Please give again every entry exactly as it appears, setting aside the pictures.

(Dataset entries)
──────

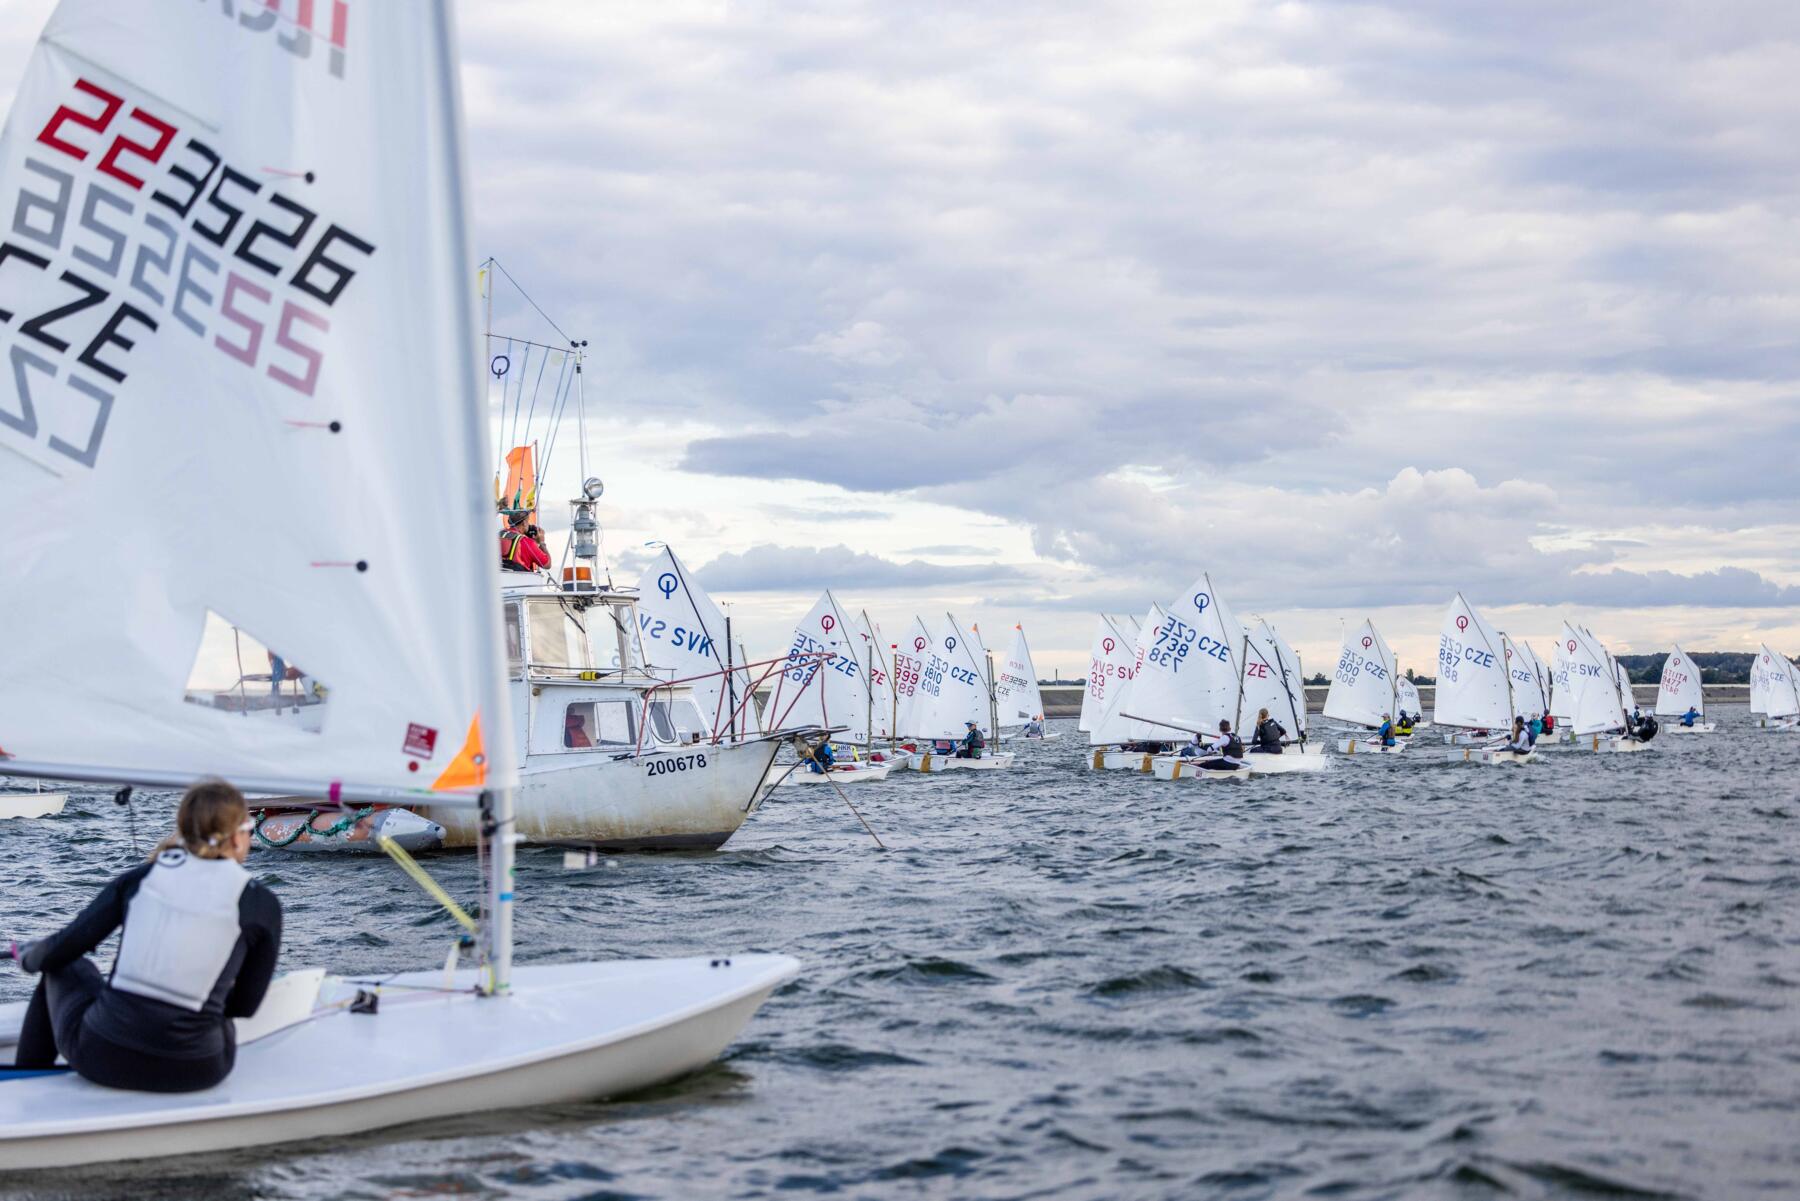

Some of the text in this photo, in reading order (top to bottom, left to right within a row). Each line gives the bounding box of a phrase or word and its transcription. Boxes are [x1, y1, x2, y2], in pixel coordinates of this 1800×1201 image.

[37, 77, 376, 307] 223526
[671, 627, 715, 657] SVK
[1156, 632, 1189, 658] 738
[1198, 636, 1231, 662] CZE
[1439, 648, 1460, 667] 887
[1465, 647, 1495, 669] CZE
[951, 666, 977, 686] CZE
[1339, 659, 1359, 677] 900
[1365, 661, 1389, 680] CZE
[1512, 669, 1531, 682] CZE
[1579, 663, 1601, 678] SVK
[1091, 672, 1105, 687] 33
[646, 753, 707, 776] 200678

──────

### WRITTEN ANSWER
Some of the text in this photo, in reading order (top to bottom, left to right within a row). Each line gives the bounding box of a phrase or word and its transcription. Boxes are [x1, y1, x2, y2], in pixel coordinates of this 1800×1201 image.

[37, 77, 376, 307] 223526
[671, 627, 715, 657] SVK
[1156, 632, 1189, 658] 738
[1198, 636, 1231, 662] CZE
[1439, 648, 1460, 667] 887
[1465, 647, 1495, 669] CZE
[951, 666, 977, 686] CZE
[1339, 659, 1359, 677] 900
[1365, 661, 1389, 680] CZE
[1512, 669, 1531, 682] CZE
[1579, 663, 1601, 678] SVK
[1091, 672, 1105, 687] 33
[646, 753, 707, 776] 200678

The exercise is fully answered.